Earlier this year, I wrote a reported piece for the MedShadow Foundation: “The Side Effects of Inequality: How Lack of Diversity in Clinical Trials Affects Drug Effectiveness and Safety.” Those conversations and research left me asking: How can I, as a writer, prioritize diversity and inclusion in clinical research? AMWA’s annual conference felt like the perfect place to discuss these questions with others in the medical writing community. My roundtable topic centered on the role medical communicators have in prioritizing diversity and inclusion in clinical trials. 

In this newsletter, I’m sharing insights from conversations and sessions I attended at AMWA 2025 in Phoenix. It was a joy to learn from and connect with so many medical writers. I left feeling awe-inspired and energized to dig in and learn more.

TL/DR: Even when our impact as medical writers is limited by the scope of our work, we should consistently look for opportunities to highlight diversity and inclusion—whether by advocating for broader recruitment, transparent and contextualized reporting, or more inclusive communication. Speak up, share your perspective, and encourage others to do the same. We can make a difference to help ensure equitable access to medical care!

Why Medical Writers Matter

As medical communicators, we hold unique power. We help shape protocols, summarize clinical findings, and translate evidence for diverse audiences. We educate healthcare professionals and the public. We understand—at our core—why diversity and inclusion in research matter. And as the AMWA July 2024 blog put it:

“Medical writers are well-positioned to help ensure that clinical trials are designed, implemented, and reported with DEI principles in mind.”

We aren’t just content experts—we’re context experts. Angela Winnier, Robin Whitsell, and Tatyana Wanderer shared this important reminder in their session on why medical writers need a business mindset too, urging us to look up from our keyboards, expand our awareness of what’s happening in the wider world, and watch for navigational clues about where we can have the most impact.

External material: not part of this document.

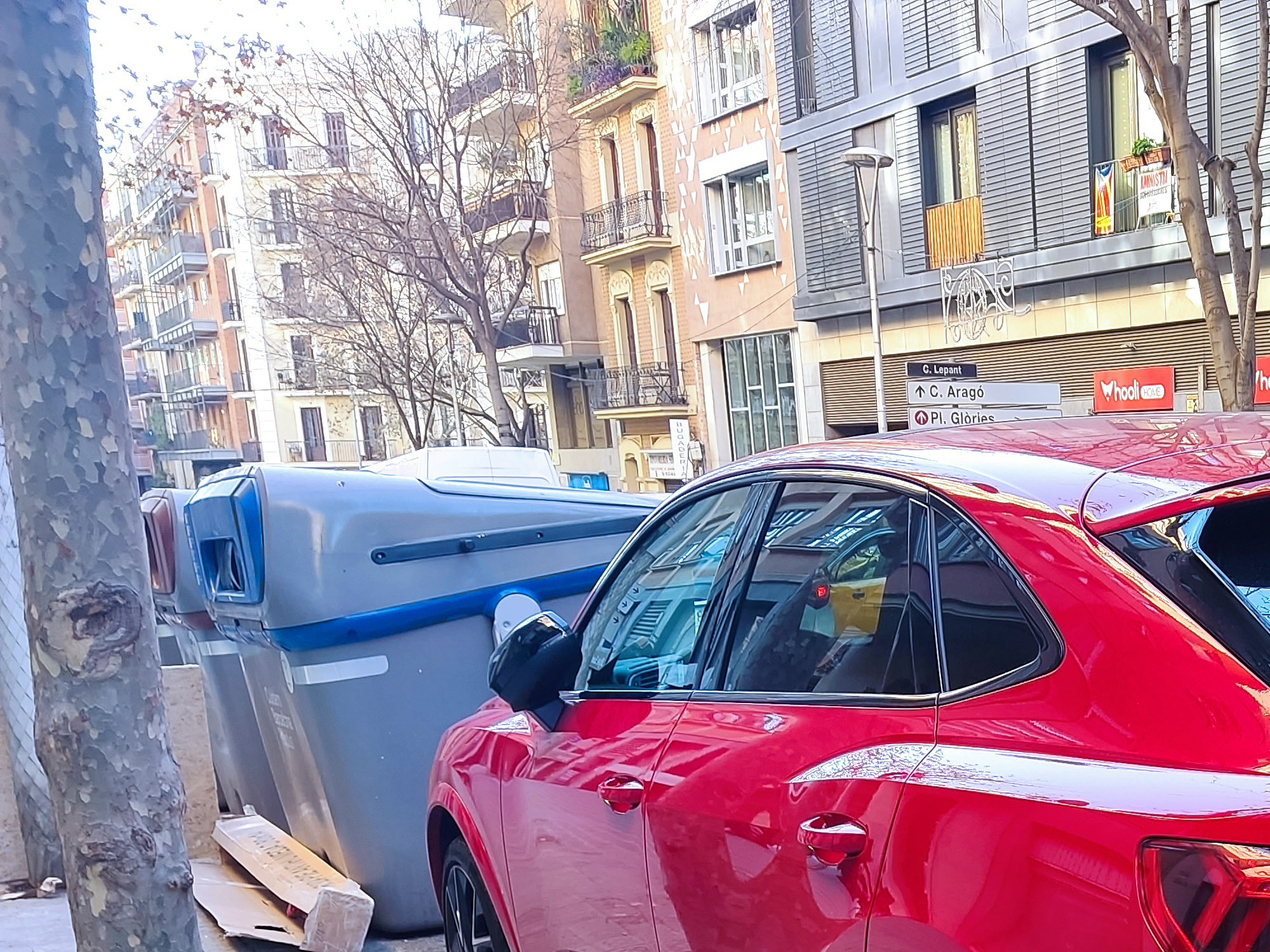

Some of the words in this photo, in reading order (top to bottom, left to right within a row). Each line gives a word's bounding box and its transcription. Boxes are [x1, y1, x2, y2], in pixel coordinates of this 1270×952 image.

Understanding who participates in research and who is left out is crucial context for expanding the process and helping ensure that the benefits of new treatments reach everyone who needs them.


Context & Representation

Meaningful diversity means more than checking boxes. Diversity in clinical trials goes beyond demographics to include:

  • Age and biological sex

  • Genetics and ancestry

  • Gender and sexual orientation

  • Pregnancy or lactation status

  • Socioeconomic factors

  • Disabilities and comorbidities

  • Life experiences

  • Environmental exposures

  • Health-impacting behaviors

  • Cultural, spiritual, or traditional beliefs

  • Local or regional standards or care

Advancing Diversity & Inclusion

Dr. Rafael Veintimilla, M.D., senior director of Clinical Trials Integration and Medical Science Liaison at the University of Wisconsin Clinical Trials Institute, explained this when I interviewed him for MedShadow: 

There have been serious ethical violations in research, particularly against vulnerable populations and those who put trust in researchers only to have their rights violated.

The grievous history still shapes research today, because every new discovery is built on earlier work. Watch for its implications in places where it is overlooked or omitted, and state the facts when relevant. I recently encountered this firsthand while writing about cosmeceuticals for MedShadow’s Meet Me at the Medcart Substack newsletter. Leah Carroll, the newsletter editor, will share a future explanatory post about the disturbing information regarding the scientist who coined the term.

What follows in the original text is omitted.